--- SOURCE DATA ---

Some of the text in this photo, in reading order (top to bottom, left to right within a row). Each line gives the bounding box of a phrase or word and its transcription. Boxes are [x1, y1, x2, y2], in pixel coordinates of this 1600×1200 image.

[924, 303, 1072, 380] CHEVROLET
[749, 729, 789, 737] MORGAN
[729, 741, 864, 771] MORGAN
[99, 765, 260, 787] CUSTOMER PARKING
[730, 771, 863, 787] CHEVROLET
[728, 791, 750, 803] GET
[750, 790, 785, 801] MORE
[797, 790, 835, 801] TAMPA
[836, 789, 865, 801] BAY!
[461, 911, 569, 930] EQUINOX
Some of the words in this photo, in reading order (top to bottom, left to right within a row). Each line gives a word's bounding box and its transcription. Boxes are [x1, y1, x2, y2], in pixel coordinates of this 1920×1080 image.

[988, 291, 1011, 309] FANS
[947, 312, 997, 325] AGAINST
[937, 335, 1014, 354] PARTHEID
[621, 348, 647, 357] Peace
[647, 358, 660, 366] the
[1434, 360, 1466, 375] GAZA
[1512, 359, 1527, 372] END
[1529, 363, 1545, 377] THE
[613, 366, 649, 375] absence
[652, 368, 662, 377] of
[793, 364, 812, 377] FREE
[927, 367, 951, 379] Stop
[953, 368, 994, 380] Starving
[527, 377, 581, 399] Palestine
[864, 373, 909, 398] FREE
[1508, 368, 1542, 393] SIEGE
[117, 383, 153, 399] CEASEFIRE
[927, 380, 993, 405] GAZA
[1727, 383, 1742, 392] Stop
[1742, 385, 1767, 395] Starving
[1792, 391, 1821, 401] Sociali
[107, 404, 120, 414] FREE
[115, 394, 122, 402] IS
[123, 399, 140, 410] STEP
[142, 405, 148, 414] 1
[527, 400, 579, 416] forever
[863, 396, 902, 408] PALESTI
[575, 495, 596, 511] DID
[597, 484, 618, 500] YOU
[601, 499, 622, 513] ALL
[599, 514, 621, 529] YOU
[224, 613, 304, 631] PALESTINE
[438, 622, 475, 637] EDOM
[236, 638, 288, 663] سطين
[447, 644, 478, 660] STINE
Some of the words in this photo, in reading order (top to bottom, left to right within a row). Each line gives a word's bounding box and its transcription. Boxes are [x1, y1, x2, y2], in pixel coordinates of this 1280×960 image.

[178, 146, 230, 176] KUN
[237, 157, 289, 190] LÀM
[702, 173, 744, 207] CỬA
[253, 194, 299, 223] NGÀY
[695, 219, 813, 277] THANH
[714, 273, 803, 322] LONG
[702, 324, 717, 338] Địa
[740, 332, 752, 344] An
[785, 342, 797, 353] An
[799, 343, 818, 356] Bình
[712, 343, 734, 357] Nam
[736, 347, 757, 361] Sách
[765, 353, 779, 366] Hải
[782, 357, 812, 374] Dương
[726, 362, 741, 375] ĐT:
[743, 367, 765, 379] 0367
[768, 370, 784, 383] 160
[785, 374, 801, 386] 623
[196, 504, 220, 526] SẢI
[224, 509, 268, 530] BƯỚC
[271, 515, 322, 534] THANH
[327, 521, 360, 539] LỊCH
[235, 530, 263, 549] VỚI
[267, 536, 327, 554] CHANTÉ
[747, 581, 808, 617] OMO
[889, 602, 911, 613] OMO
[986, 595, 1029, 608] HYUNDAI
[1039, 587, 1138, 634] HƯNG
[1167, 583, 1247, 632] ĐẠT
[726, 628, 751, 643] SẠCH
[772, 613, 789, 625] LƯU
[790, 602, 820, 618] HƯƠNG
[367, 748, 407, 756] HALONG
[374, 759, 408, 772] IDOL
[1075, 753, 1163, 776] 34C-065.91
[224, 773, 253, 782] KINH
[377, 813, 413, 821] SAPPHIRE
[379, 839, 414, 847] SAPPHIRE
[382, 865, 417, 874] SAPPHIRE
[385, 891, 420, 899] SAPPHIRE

---

**WHAT IS NEEDED:** Taking care to miss no line, set down the whole listing above exactly.

**RESULT OF THE TASK:**
Some of the text in this photo, in reading order (top to bottom, left to right within a row). Each line gives the bounding box of a phrase or word and its transcription. Boxes are [x1, y1, x2, y2], in pixel coordinates of this 1600×1200 image.

[924, 303, 1072, 380] CHEVROLET
[749, 729, 789, 737] MORGAN
[729, 741, 864, 771] MORGAN
[99, 765, 260, 787] CUSTOMER PARKING
[730, 771, 863, 787] CHEVROLET
[728, 791, 750, 803] GET
[750, 790, 785, 801] MORE
[797, 790, 835, 801] TAMPA
[836, 789, 865, 801] BAY!
[461, 911, 569, 930] EQUINOX
Some of the words in this photo, in reading order (top to bottom, left to right within a row). Each line gives a word's bounding box and its transcription. Boxes are [x1, y1, x2, y2], in pixel coordinates of this 1920×1080 image.

[988, 291, 1011, 309] FANS
[947, 312, 997, 325] AGAINST
[937, 335, 1014, 354] PARTHEID
[621, 348, 647, 357] Peace
[647, 358, 660, 366] the
[1434, 360, 1466, 375] GAZA
[1512, 359, 1527, 372] END
[1529, 363, 1545, 377] THE
[613, 366, 649, 375] absence
[652, 368, 662, 377] of
[793, 364, 812, 377] FREE
[927, 367, 951, 379] Stop
[953, 368, 994, 380] Starving
[527, 377, 581, 399] Palestine
[864, 373, 909, 398] FREE
[1508, 368, 1542, 393] SIEGE
[117, 383, 153, 399] CEASEFIRE
[927, 380, 993, 405] GAZA
[1727, 383, 1742, 392] Stop
[1742, 385, 1767, 395] Starving
[1792, 391, 1821, 401] Sociali
[107, 404, 120, 414] FREE
[115, 394, 122, 402] IS
[123, 399, 140, 410] STEP
[142, 405, 148, 414] 1
[527, 400, 579, 416] forever
[863, 396, 902, 408] PALESTI
[575, 495, 596, 511] DID
[597, 484, 618, 500] YOU
[601, 499, 622, 513] ALL
[599, 514, 621, 529] YOU
[224, 613, 304, 631] PALESTINE
[438, 622, 475, 637] EDOM
[236, 638, 288, 663] سطين
[447, 644, 478, 660] STINE
Some of the words in this photo, in reading order (top to bottom, left to right within a row). Each line gives a word's bounding box and its transcription. Boxes are [x1, y1, x2, y2], in pixel coordinates of this 1280×960 image.

[178, 146, 230, 176] KUN
[237, 157, 289, 190] LÀM
[702, 173, 744, 207] CỬA
[253, 194, 299, 223] NGÀY
[695, 219, 813, 277] THANH
[714, 273, 803, 322] LONG
[702, 324, 717, 338] Địa
[740, 332, 752, 344] An
[785, 342, 797, 353] An
[799, 343, 818, 356] Bình
[712, 343, 734, 357] Nam
[736, 347, 757, 361] Sách
[765, 353, 779, 366] Hải
[782, 357, 812, 374] Dương
[726, 362, 741, 375] ĐT:
[743, 367, 765, 379] 0367
[768, 370, 784, 383] 160
[785, 374, 801, 386] 623
[196, 504, 220, 526] SẢI
[224, 509, 268, 530] BƯỚC
[271, 515, 322, 534] THANH
[327, 521, 360, 539] LỊCH
[235, 530, 263, 549] VỚI
[267, 536, 327, 554] CHANTÉ
[747, 581, 808, 617] OMO
[889, 602, 911, 613] OMO
[986, 595, 1029, 608] HYUNDAI
[1039, 587, 1138, 634] HƯNG
[1167, 583, 1247, 632] ĐẠT
[726, 628, 751, 643] SẠCH
[772, 613, 789, 625] LƯU
[790, 602, 820, 618] HƯƠNG
[367, 748, 407, 756] HALONG
[374, 759, 408, 772] IDOL
[1075, 753, 1163, 776] 34C-065.91
[224, 773, 253, 782] KINH
[377, 813, 413, 821] SAPPHIRE
[379, 839, 414, 847] SAPPHIRE
[382, 865, 417, 874] SAPPHIRE
[385, 891, 420, 899] SAPPHIRE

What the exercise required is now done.